# To do
The entries are to be returned exactly, with images left out.

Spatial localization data

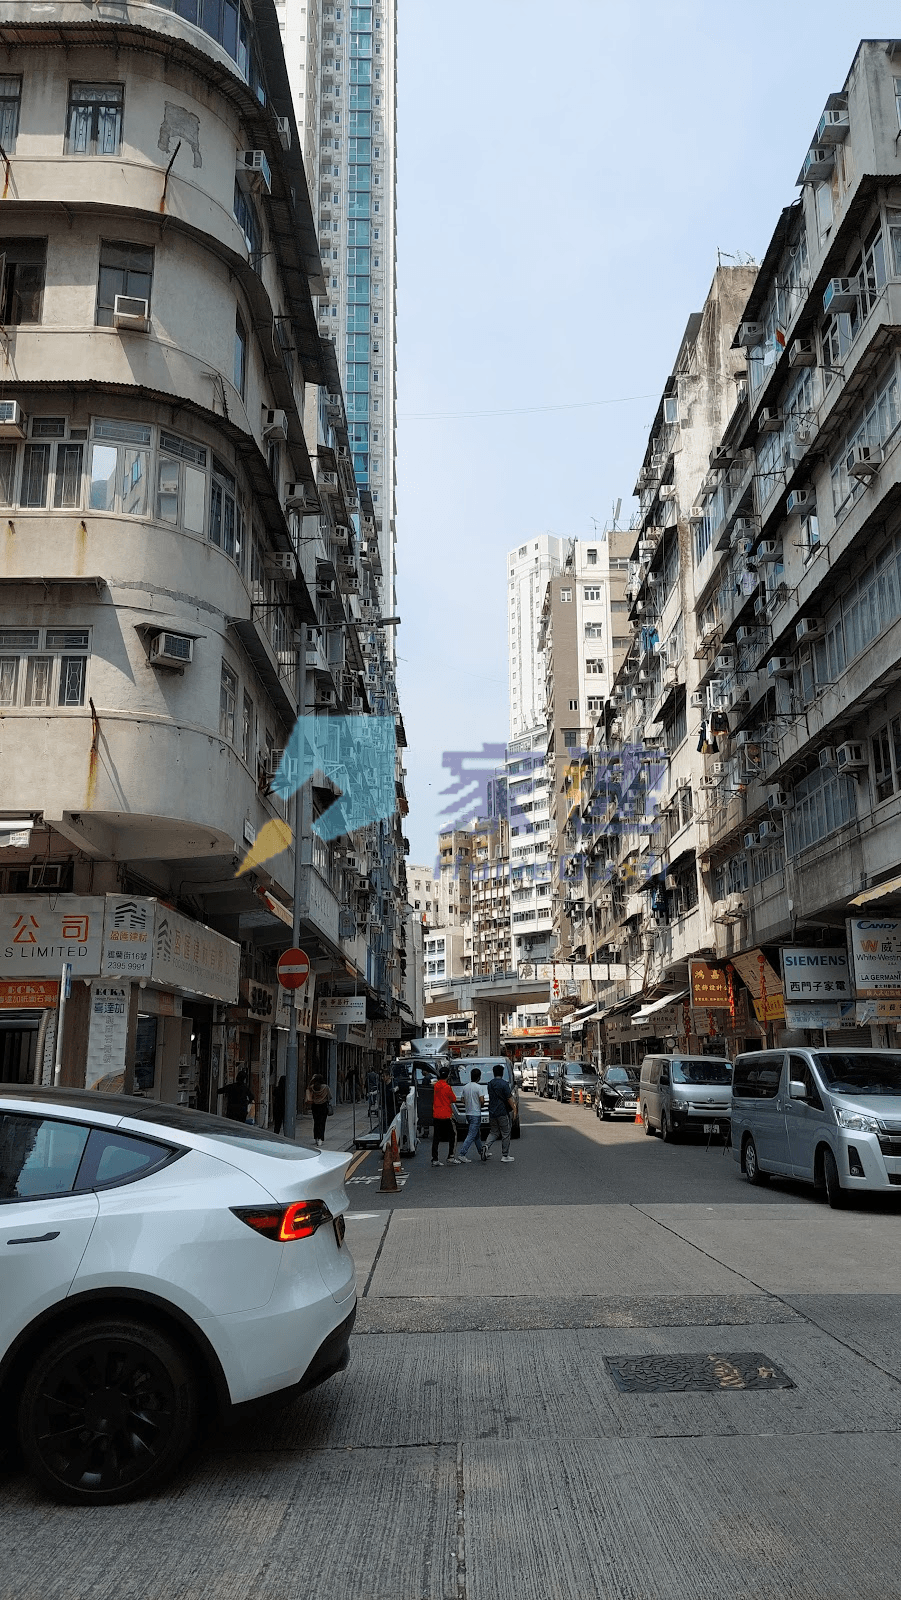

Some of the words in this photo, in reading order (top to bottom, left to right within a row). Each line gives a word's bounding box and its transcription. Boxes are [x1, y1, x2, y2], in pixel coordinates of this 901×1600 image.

[12, 915, 90, 943] 公司
[856, 920, 899, 930] CANDY
[0, 946, 14, 958] S
[20, 946, 88, 958] LIMITED
[107, 962, 126, 970] 2395
[785, 955, 846, 966] SIEMENS
[8, 985, 46, 994] ECKA
[790, 980, 846, 992] 西門子家電
[95, 988, 126, 996] ECKA
[94, 1002, 124, 1014] 喜達加

# Answer to this exercise
Some of the words in this photo, in reading order (top to bottom, left to right within a row). Each line gives a word's bounding box and its transcription. Boxes are [x1, y1, x2, y2], in pixel coordinates of this 901×1600 image.

[12, 915, 90, 943] 公司
[856, 920, 899, 930] CANDY
[0, 946, 14, 958] S
[20, 946, 88, 958] LIMITED
[107, 962, 126, 970] 2395
[785, 955, 846, 966] SIEMENS
[8, 985, 46, 994] ECKA
[790, 980, 846, 992] 西門子家電
[95, 988, 126, 996] ECKA
[94, 1002, 124, 1014] 喜達加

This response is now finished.